Tag Archives: Baxter

Why Pay $150,000 Year for a Lung Drug if it Does Not Work?

The Apha 1 group comprises about 10% of COPDers but they are the group who has made great organizational strides in bringing public awareness to COPD (Chronic Obstructive Pulmonary Disease)
They are politically astute and I like most of the folks I’ve met in the organization.

That said… the idea of paying $150,000. a year per person for a drug that, at best, does nothing for the patient is OUTRAGEOUS!

There is little to no research being done for regular COPDers…if this study is accurate, why can’t we use that wasted $150,000. Per patient for RESEARCH?

Roll the drug manufactures out of the profit at any cost bed and use the money where it will do the most good for the most people.
Why not?!

I am including the following verbatim for obvious reasons.

Wasted drug dollars? NO!
Research dollars for the COPD majority benefit? YES!

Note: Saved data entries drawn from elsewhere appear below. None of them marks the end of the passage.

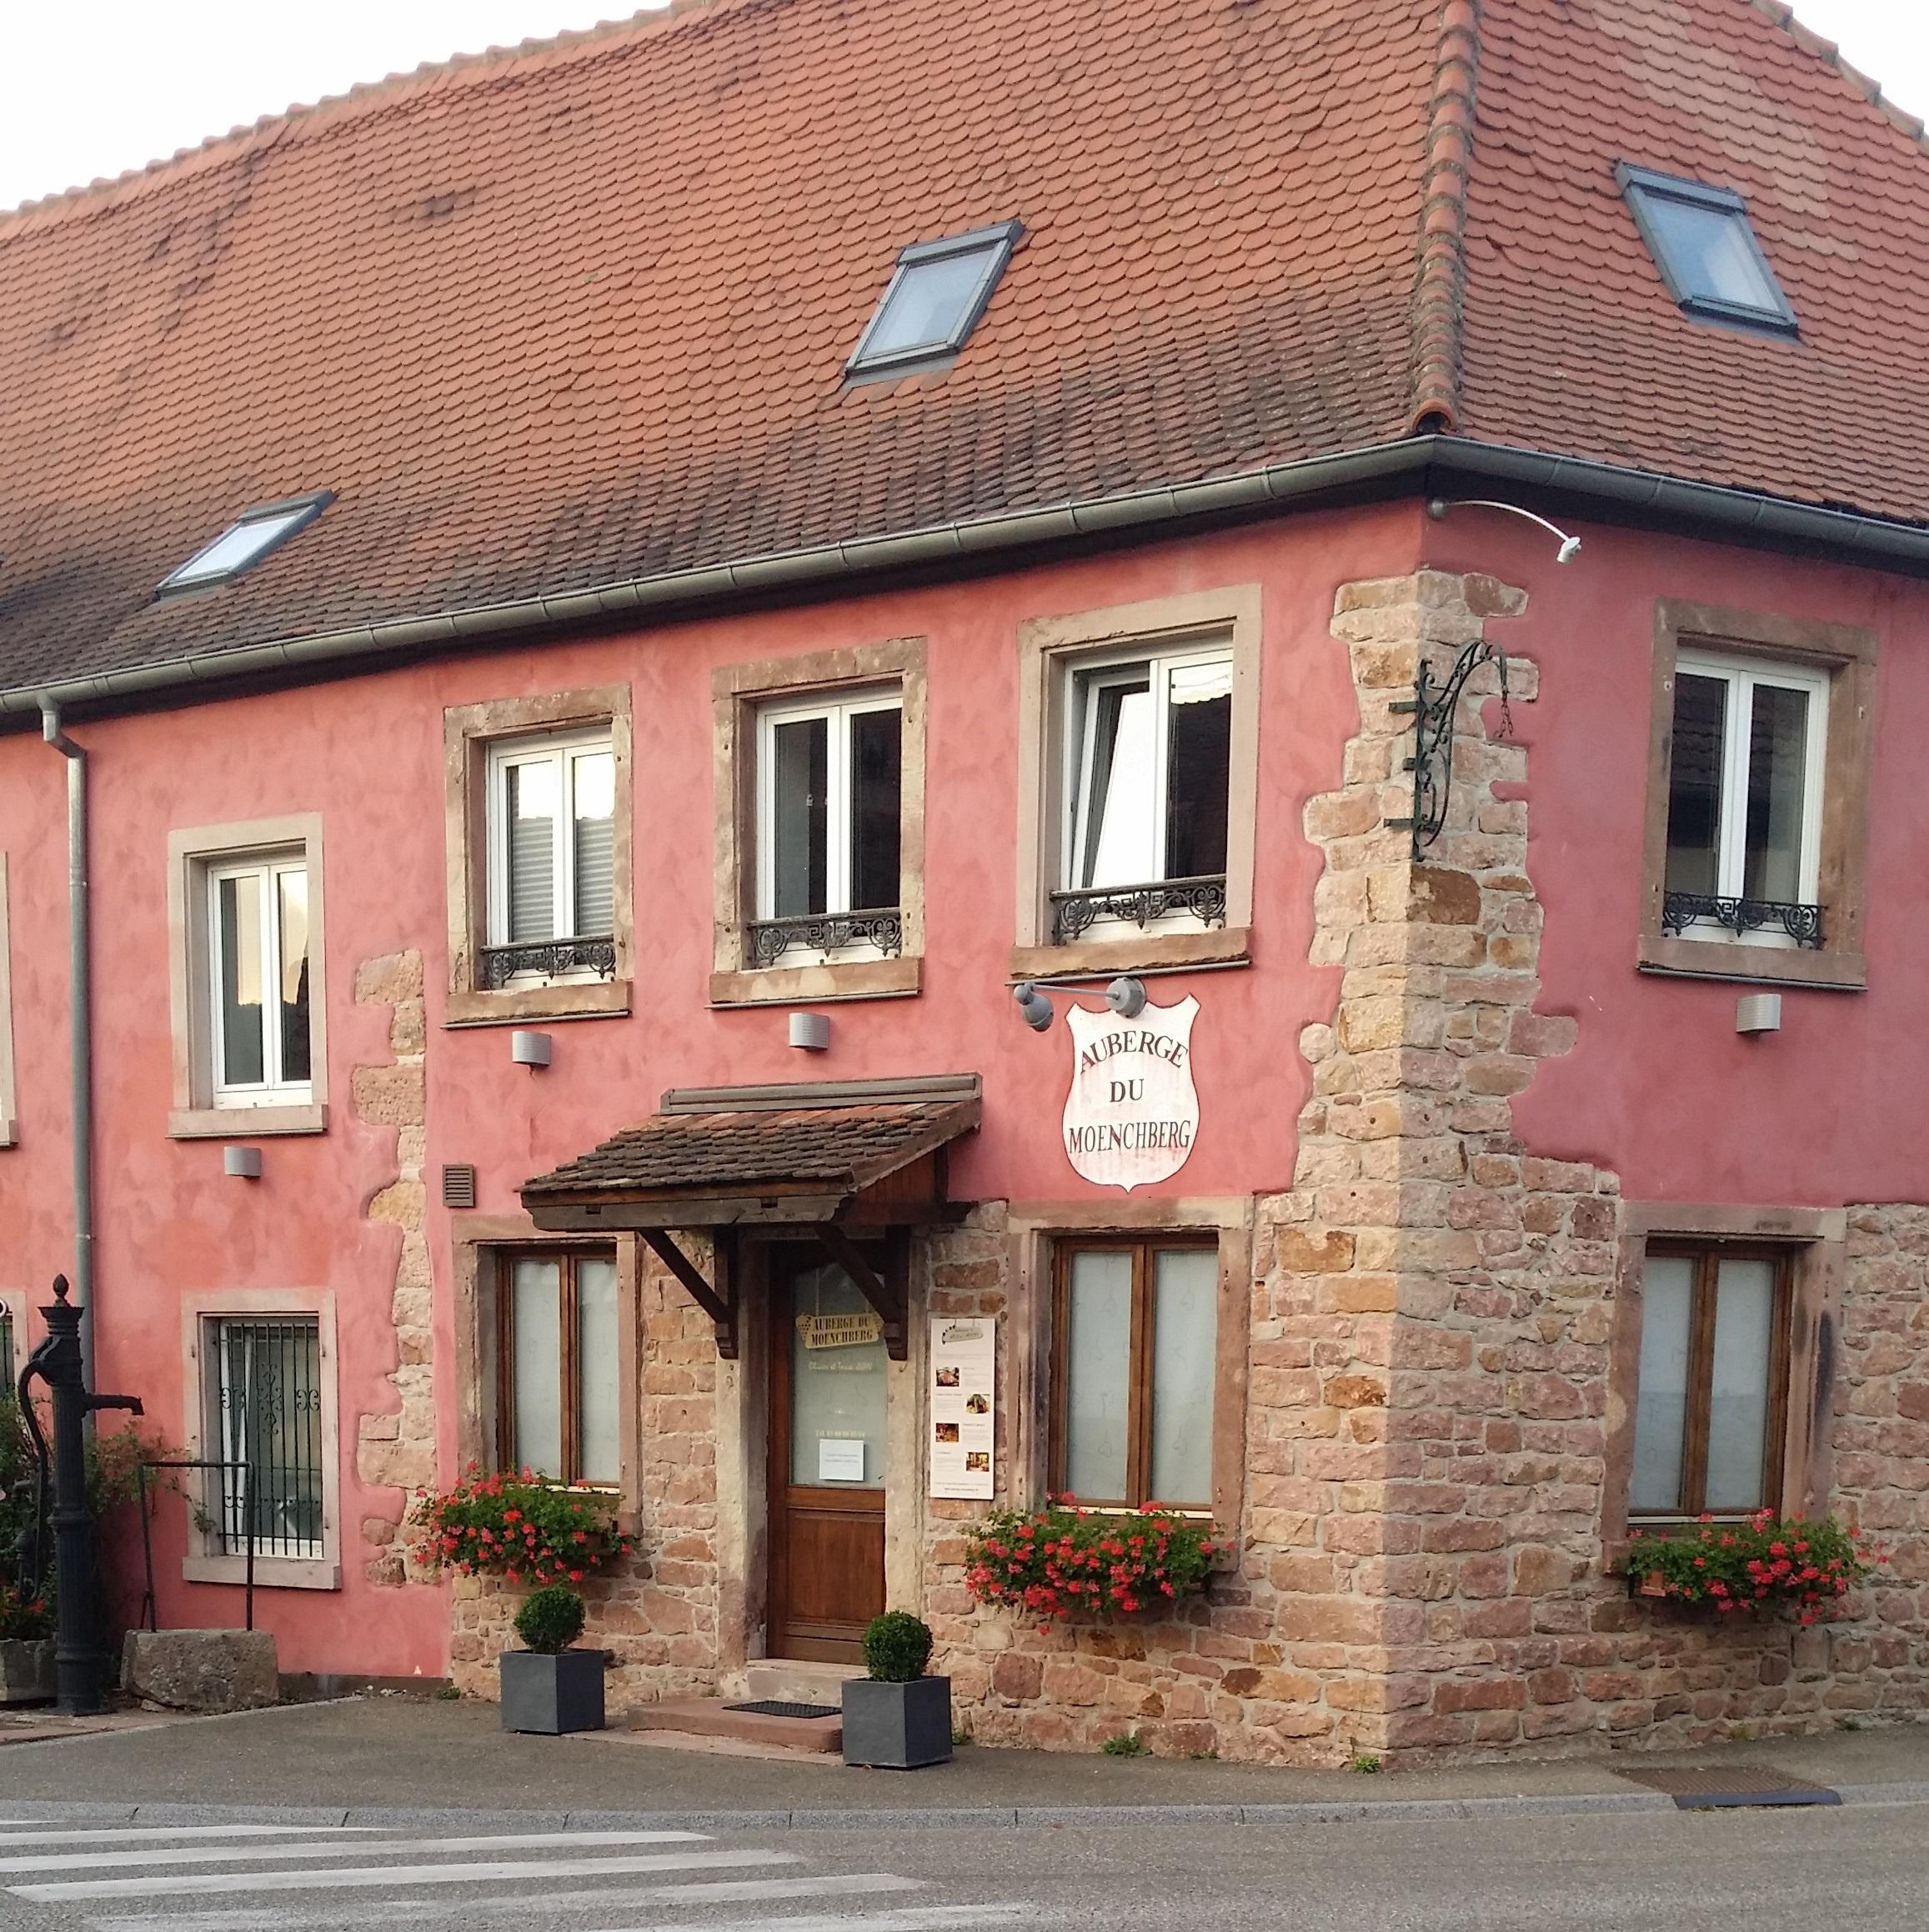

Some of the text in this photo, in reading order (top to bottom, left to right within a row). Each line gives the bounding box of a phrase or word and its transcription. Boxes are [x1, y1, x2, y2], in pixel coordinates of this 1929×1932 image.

[1080, 1030, 1189, 1074] AUBERGE
[1110, 1079, 1145, 1103] DU
[1069, 1120, 1191, 1154] MOENCHBERG
[814, 1316, 869, 1331] AUBERGE DU
[811, 1329, 873, 1346] MOENCHBERG

“Pricey lung disease drugs have no benefit: study

URL of this page: http://www.nlm.nih.gov/medlineplus/news/fullstory_100767.html (*this news item will not be available after 10/04/2010)

Tuesday, July 6, 2010
By Kate Kelland
LONDON (Reuters) – Recommendations for expensive treatments made for a genetic disorder called alpha-1 antitrypsin deficiency should be withdrawn because the drugs have no benefit, scientists said on Wednesday.

The disorder causes chronic lung disease and researchers who reviewed data from two trials on 140 patients with it found no evidence that alpha-1 antitrypsin medicines — made by various drugmakers including Talecris, Kamada, CSL and Baxter — do any good.

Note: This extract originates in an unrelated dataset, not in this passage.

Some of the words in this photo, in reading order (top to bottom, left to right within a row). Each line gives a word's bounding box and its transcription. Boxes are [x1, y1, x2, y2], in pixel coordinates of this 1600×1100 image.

Based on this evidence, the researchers said the treatment, which costs up to $150,000 a year in the United States, should not be recommended by doctors and advocacy groups.

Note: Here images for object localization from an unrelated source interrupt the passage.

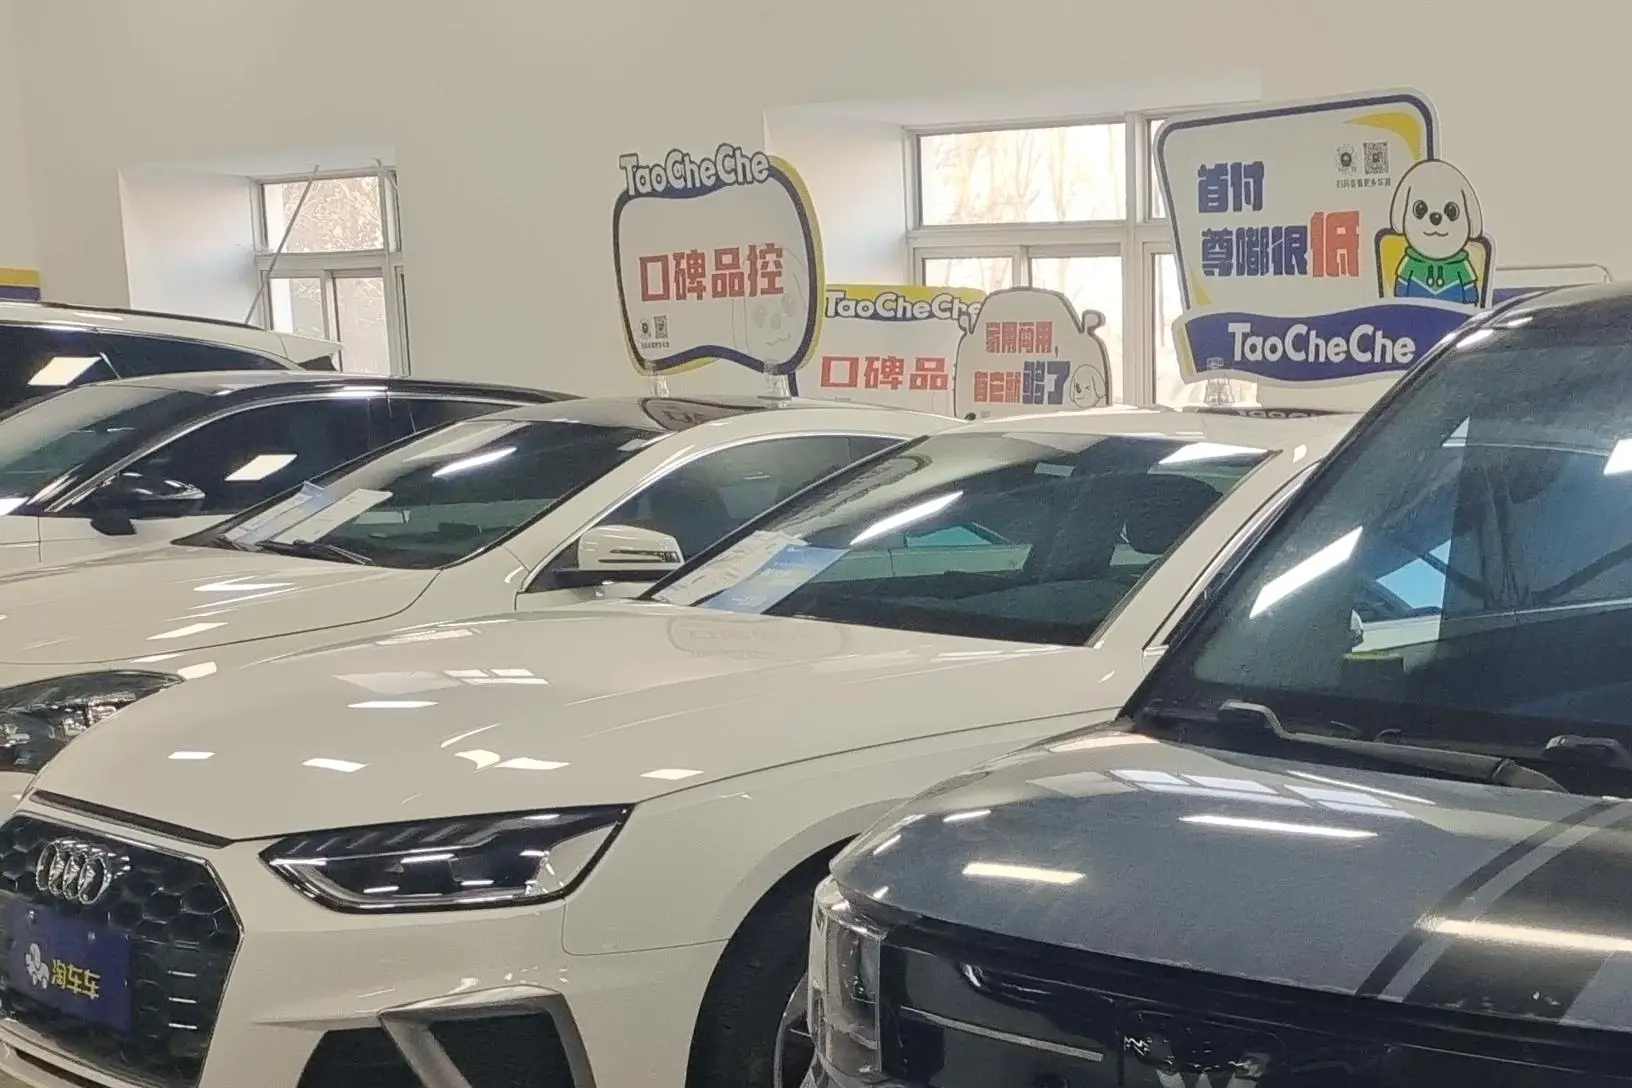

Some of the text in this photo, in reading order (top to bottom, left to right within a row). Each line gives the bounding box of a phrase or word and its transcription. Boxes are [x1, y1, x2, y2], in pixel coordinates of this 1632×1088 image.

[619, 143, 770, 195] TaoCheChe
[1197, 161, 1264, 213] 首付
[1201, 210, 1360, 278] 尊嘟很低
[638, 243, 784, 302] 口碑品控
[1228, 322, 1416, 364] TaoCheChe
[820, 355, 949, 390] 口碑品
[51, 958, 101, 1000] 淘车车

“The drug has not shown any clinical benefit, is extremely costly and has important adverse effects,” said lead researcher Peter Gotzsche of the Nordic Cochrane Center at Rigshospitalet in Copenhagen, Denmark.

“In view of the lack of evidence and high cost of treatment, treating alpha-1 antitrypsin deficiency by replacement therapy cannot be recommended.”

According to the team, whose work was published in The Cochrane Library journal, recommendations by the American Thoracic Society and European Respiratory Society that promote alpha-1 antitrypsin replacement are “misguided”.

“Both societies recommend augmentation therapy for patients with breathing problems related to alfa-1 antitrypsin deficiency. In our opinion, these recommendations are not reasonable,” said Gotzsche.

Alpha-1 antitrypsin deficiency affects less than one in 1,600 people. Those who inherit the disorder have low levels of the protein alpha-1 antitrypsin, also called alpha-1 proteinase inhibitor, which protects the tissue of the lungs from destruction by the body’s own white blood cells.

At a relatively young age, this can result in symptoms of emphysema, including shortness of breath and wheezing.

The aim of alpha-1 antitrypsin replacement therapy is to give the patient back the protective protein they are missing. This should limit damage to lungs and, ultimately, prevent early death. The protein is usually extracted from blood donated by healthy volunteers.

The researchers reviewed data from two trials involving a total of 140 people with the disorder, all of whom were at a high genetic risk of developing chronic lung disease.

In one trial, patients were given intravenous alpha-1 antitrypsin or a placebo every four weeks for three years and in the other, the treatment or a placebo was given weekly for a minimum of two years.

There was no difference between treatment and control groups in terms of exacerbations of lung disease, or quality of life, the researchers found. Combining the results from the trials, Gotzsche’s team also found no evidence of a clinically important effect on lung function.

“Indeed the results suggested modest harm, or at best no effect,” they wrote in their study. They added that while the treatment might cause a reduction in the deterioration of lung appearance on CT scan, it was “not clear whether this is a clinically meaningful difference.”